#### Action item:
Return all of the entries exactly, with nothing added or left out.

[Data extracts Boundary: Start]

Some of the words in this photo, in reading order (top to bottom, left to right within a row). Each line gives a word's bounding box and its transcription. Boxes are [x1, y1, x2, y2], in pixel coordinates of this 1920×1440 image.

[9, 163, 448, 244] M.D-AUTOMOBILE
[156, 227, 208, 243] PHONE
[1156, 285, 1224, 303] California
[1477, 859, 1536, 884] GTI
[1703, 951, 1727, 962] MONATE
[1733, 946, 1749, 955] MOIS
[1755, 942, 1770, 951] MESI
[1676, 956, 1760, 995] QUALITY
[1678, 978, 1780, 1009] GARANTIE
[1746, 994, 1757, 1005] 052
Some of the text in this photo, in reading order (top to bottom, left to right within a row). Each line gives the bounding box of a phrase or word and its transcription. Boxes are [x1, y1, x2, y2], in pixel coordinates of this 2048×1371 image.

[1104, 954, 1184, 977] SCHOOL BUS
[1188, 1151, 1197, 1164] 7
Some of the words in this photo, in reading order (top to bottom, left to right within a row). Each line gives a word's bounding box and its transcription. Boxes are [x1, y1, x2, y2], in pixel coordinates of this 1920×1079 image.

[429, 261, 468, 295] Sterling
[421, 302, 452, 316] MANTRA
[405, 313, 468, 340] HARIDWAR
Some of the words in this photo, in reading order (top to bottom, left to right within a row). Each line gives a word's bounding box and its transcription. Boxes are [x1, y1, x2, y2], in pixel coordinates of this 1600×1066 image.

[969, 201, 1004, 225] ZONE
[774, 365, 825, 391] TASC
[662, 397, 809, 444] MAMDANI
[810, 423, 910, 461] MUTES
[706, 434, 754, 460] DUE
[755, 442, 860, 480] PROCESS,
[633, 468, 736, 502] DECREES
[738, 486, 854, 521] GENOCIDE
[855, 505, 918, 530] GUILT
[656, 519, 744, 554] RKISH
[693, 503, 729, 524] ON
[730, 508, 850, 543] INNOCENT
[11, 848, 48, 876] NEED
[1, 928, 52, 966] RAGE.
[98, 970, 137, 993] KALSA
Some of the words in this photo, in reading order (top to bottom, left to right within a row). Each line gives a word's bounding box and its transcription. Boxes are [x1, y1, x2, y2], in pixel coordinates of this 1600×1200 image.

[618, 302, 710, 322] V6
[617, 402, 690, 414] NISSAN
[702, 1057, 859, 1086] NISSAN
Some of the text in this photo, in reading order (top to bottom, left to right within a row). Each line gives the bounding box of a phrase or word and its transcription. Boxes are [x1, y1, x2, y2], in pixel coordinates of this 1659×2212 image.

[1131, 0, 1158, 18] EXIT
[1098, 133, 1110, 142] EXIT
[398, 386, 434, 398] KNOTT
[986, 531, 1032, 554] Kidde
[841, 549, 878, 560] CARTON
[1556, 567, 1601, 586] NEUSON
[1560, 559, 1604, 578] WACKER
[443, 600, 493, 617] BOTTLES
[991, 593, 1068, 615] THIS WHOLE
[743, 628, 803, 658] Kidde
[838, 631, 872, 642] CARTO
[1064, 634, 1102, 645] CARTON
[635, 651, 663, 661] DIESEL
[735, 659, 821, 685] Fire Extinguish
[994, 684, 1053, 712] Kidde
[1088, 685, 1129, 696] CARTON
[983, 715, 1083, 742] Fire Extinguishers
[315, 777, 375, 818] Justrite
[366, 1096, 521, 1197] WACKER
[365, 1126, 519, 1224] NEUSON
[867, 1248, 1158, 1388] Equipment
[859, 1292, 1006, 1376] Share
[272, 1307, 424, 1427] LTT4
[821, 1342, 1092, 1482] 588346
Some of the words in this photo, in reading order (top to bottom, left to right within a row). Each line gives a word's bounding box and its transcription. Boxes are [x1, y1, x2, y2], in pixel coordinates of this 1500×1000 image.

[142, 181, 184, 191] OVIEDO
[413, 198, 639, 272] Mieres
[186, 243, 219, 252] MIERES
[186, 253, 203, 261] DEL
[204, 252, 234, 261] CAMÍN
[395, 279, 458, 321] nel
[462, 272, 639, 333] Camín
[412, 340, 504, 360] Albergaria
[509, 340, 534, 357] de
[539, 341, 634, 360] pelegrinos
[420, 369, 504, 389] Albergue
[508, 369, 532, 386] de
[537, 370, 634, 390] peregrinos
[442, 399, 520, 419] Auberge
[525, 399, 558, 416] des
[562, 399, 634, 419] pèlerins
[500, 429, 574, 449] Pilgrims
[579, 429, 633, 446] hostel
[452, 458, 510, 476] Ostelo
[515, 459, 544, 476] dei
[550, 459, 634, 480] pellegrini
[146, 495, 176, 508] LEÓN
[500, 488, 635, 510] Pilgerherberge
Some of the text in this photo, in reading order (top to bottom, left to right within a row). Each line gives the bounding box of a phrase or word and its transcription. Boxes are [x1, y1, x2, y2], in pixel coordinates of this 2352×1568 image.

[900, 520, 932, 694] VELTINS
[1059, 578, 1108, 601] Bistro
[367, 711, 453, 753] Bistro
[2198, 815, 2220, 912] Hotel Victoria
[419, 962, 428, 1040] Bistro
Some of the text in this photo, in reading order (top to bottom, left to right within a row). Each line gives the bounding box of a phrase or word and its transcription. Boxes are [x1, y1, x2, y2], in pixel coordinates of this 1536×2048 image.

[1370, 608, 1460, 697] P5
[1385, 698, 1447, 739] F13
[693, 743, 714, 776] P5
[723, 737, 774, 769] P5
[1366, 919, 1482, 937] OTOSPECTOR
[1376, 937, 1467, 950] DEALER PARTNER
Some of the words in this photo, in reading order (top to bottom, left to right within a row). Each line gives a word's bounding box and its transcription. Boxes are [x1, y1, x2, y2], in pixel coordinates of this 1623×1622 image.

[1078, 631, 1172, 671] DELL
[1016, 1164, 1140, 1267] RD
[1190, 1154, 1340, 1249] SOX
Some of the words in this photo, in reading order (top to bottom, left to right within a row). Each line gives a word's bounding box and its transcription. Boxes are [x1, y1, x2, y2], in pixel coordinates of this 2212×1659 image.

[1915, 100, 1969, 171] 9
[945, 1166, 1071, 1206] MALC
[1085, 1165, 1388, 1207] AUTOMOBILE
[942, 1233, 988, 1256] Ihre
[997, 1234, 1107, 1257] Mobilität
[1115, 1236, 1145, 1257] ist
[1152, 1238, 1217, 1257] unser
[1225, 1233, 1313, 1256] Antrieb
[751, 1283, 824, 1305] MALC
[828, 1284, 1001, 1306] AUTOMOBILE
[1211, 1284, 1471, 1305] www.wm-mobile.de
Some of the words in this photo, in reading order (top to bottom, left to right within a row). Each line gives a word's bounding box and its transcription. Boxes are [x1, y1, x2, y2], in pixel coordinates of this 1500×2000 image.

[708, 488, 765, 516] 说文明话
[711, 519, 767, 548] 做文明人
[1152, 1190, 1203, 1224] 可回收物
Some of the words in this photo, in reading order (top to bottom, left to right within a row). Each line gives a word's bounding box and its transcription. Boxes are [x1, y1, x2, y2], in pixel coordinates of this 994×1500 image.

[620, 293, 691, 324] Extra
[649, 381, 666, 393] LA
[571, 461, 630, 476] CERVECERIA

[Data extracts Boundary: End]

#### Reply to the task:
Some of the words in this photo, in reading order (top to bottom, left to right within a row). Each line gives a word's bounding box and its transcription. Boxes are [x1, y1, x2, y2], in pixel coordinates of this 1920×1440 image.

[9, 163, 448, 244] M.D-AUTOMOBILE
[156, 227, 208, 243] PHONE
[1156, 285, 1224, 303] California
[1477, 859, 1536, 884] GTI
[1703, 951, 1727, 962] MONATE
[1733, 946, 1749, 955] MOIS
[1755, 942, 1770, 951] MESI
[1676, 956, 1760, 995] QUALITY
[1678, 978, 1780, 1009] GARANTIE
[1746, 994, 1757, 1005] 052
Some of the text in this photo, in reading order (top to bottom, left to right within a row). Each line gives the bounding box of a phrase or word and its transcription. Boxes are [x1, y1, x2, y2], in pixel coordinates of this 2048×1371 image.

[1104, 954, 1184, 977] SCHOOL BUS
[1188, 1151, 1197, 1164] 7
Some of the words in this photo, in reading order (top to bottom, left to right within a row). Each line gives a word's bounding box and its transcription. Boxes are [x1, y1, x2, y2], in pixel coordinates of this 1920×1079 image.

[429, 261, 468, 295] Sterling
[421, 302, 452, 316] MANTRA
[405, 313, 468, 340] HARIDWAR
Some of the words in this photo, in reading order (top to bottom, left to right within a row). Each line gives a word's bounding box and its transcription. Boxes are [x1, y1, x2, y2], in pixel coordinates of this 1600×1066 image.

[969, 201, 1004, 225] ZONE
[774, 365, 825, 391] TASC
[662, 397, 809, 444] MAMDANI
[810, 423, 910, 461] MUTES
[706, 434, 754, 460] DUE
[755, 442, 860, 480] PROCESS,
[633, 468, 736, 502] DECREES
[738, 486, 854, 521] GENOCIDE
[855, 505, 918, 530] GUILT
[656, 519, 744, 554] RKISH
[693, 503, 729, 524] ON
[730, 508, 850, 543] INNOCENT
[11, 848, 48, 876] NEED
[1, 928, 52, 966] RAGE.
[98, 970, 137, 993] KALSA
Some of the words in this photo, in reading order (top to bottom, left to right within a row). Each line gives a word's bounding box and its transcription. Boxes are [x1, y1, x2, y2], in pixel coordinates of this 1600×1200 image.

[618, 302, 710, 322] V6
[617, 402, 690, 414] NISSAN
[702, 1057, 859, 1086] NISSAN
Some of the text in this photo, in reading order (top to bottom, left to right within a row). Each line gives the bounding box of a phrase or word and its transcription. Boxes are [x1, y1, x2, y2], in pixel coordinates of this 1659×2212 image.

[1131, 0, 1158, 18] EXIT
[1098, 133, 1110, 142] EXIT
[398, 386, 434, 398] KNOTT
[986, 531, 1032, 554] Kidde
[841, 549, 878, 560] CARTON
[1556, 567, 1601, 586] NEUSON
[1560, 559, 1604, 578] WACKER
[443, 600, 493, 617] BOTTLES
[991, 593, 1068, 615] THIS WHOLE
[743, 628, 803, 658] Kidde
[838, 631, 872, 642] CARTO
[1064, 634, 1102, 645] CARTON
[635, 651, 663, 661] DIESEL
[735, 659, 821, 685] Fire Extinguish
[994, 684, 1053, 712] Kidde
[1088, 685, 1129, 696] CARTON
[983, 715, 1083, 742] Fire Extinguishers
[315, 777, 375, 818] Justrite
[366, 1096, 521, 1197] WACKER
[365, 1126, 519, 1224] NEUSON
[867, 1248, 1158, 1388] Equipment
[859, 1292, 1006, 1376] Share
[272, 1307, 424, 1427] LTT4
[821, 1342, 1092, 1482] 588346
Some of the words in this photo, in reading order (top to bottom, left to right within a row). Each line gives a word's bounding box and its transcription. Boxes are [x1, y1, x2, y2], in pixel coordinates of this 1500×1000 image.

[142, 181, 184, 191] OVIEDO
[413, 198, 639, 272] Mieres
[186, 243, 219, 252] MIERES
[186, 253, 203, 261] DEL
[204, 252, 234, 261] CAMÍN
[395, 279, 458, 321] nel
[462, 272, 639, 333] Camín
[412, 340, 504, 360] Albergaria
[509, 340, 534, 357] de
[539, 341, 634, 360] pelegrinos
[420, 369, 504, 389] Albergue
[508, 369, 532, 386] de
[537, 370, 634, 390] peregrinos
[442, 399, 520, 419] Auberge
[525, 399, 558, 416] des
[562, 399, 634, 419] pèlerins
[500, 429, 574, 449] Pilgrims
[579, 429, 633, 446] hostel
[452, 458, 510, 476] Ostelo
[515, 459, 544, 476] dei
[550, 459, 634, 480] pellegrini
[146, 495, 176, 508] LEÓN
[500, 488, 635, 510] Pilgerherberge
Some of the text in this photo, in reading order (top to bottom, left to right within a row). Each line gives the bounding box of a phrase or word and its transcription. Boxes are [x1, y1, x2, y2], in pixel coordinates of this 2352×1568 image.

[900, 520, 932, 694] VELTINS
[1059, 578, 1108, 601] Bistro
[367, 711, 453, 753] Bistro
[2198, 815, 2220, 912] Hotel Victoria
[419, 962, 428, 1040] Bistro
Some of the text in this photo, in reading order (top to bottom, left to right within a row). Each line gives the bounding box of a phrase or word and its transcription. Boxes are [x1, y1, x2, y2], in pixel coordinates of this 1536×2048 image.

[1370, 608, 1460, 697] P5
[1385, 698, 1447, 739] F13
[693, 743, 714, 776] P5
[723, 737, 774, 769] P5
[1366, 919, 1482, 937] OTOSPECTOR
[1376, 937, 1467, 950] DEALER PARTNER
Some of the words in this photo, in reading order (top to bottom, left to right within a row). Each line gives a word's bounding box and its transcription. Boxes are [x1, y1, x2, y2], in pixel coordinates of this 1623×1622 image.

[1078, 631, 1172, 671] DELL
[1016, 1164, 1140, 1267] RD
[1190, 1154, 1340, 1249] SOX
Some of the words in this photo, in reading order (top to bottom, left to right within a row). Each line gives a word's bounding box and its transcription. Boxes are [x1, y1, x2, y2], in pixel coordinates of this 2212×1659 image.

[1915, 100, 1969, 171] 9
[945, 1166, 1071, 1206] MALC
[1085, 1165, 1388, 1207] AUTOMOBILE
[942, 1233, 988, 1256] Ihre
[997, 1234, 1107, 1257] Mobilität
[1115, 1236, 1145, 1257] ist
[1152, 1238, 1217, 1257] unser
[1225, 1233, 1313, 1256] Antrieb
[751, 1283, 824, 1305] MALC
[828, 1284, 1001, 1306] AUTOMOBILE
[1211, 1284, 1471, 1305] www.wm-mobile.de
Some of the words in this photo, in reading order (top to bottom, left to right within a row). Each line gives a word's bounding box and its transcription. Boxes are [x1, y1, x2, y2], in pixel coordinates of this 1500×2000 image.

[708, 488, 765, 516] 说文明话
[711, 519, 767, 548] 做文明人
[1152, 1190, 1203, 1224] 可回收物
Some of the words in this photo, in reading order (top to bottom, left to right within a row). Each line gives a word's bounding box and its transcription. Boxes are [x1, y1, x2, y2], in pixel coordinates of this 994×1500 image.

[620, 293, 691, 324] Extra
[649, 381, 666, 393] LA
[571, 461, 630, 476] CERVECERIA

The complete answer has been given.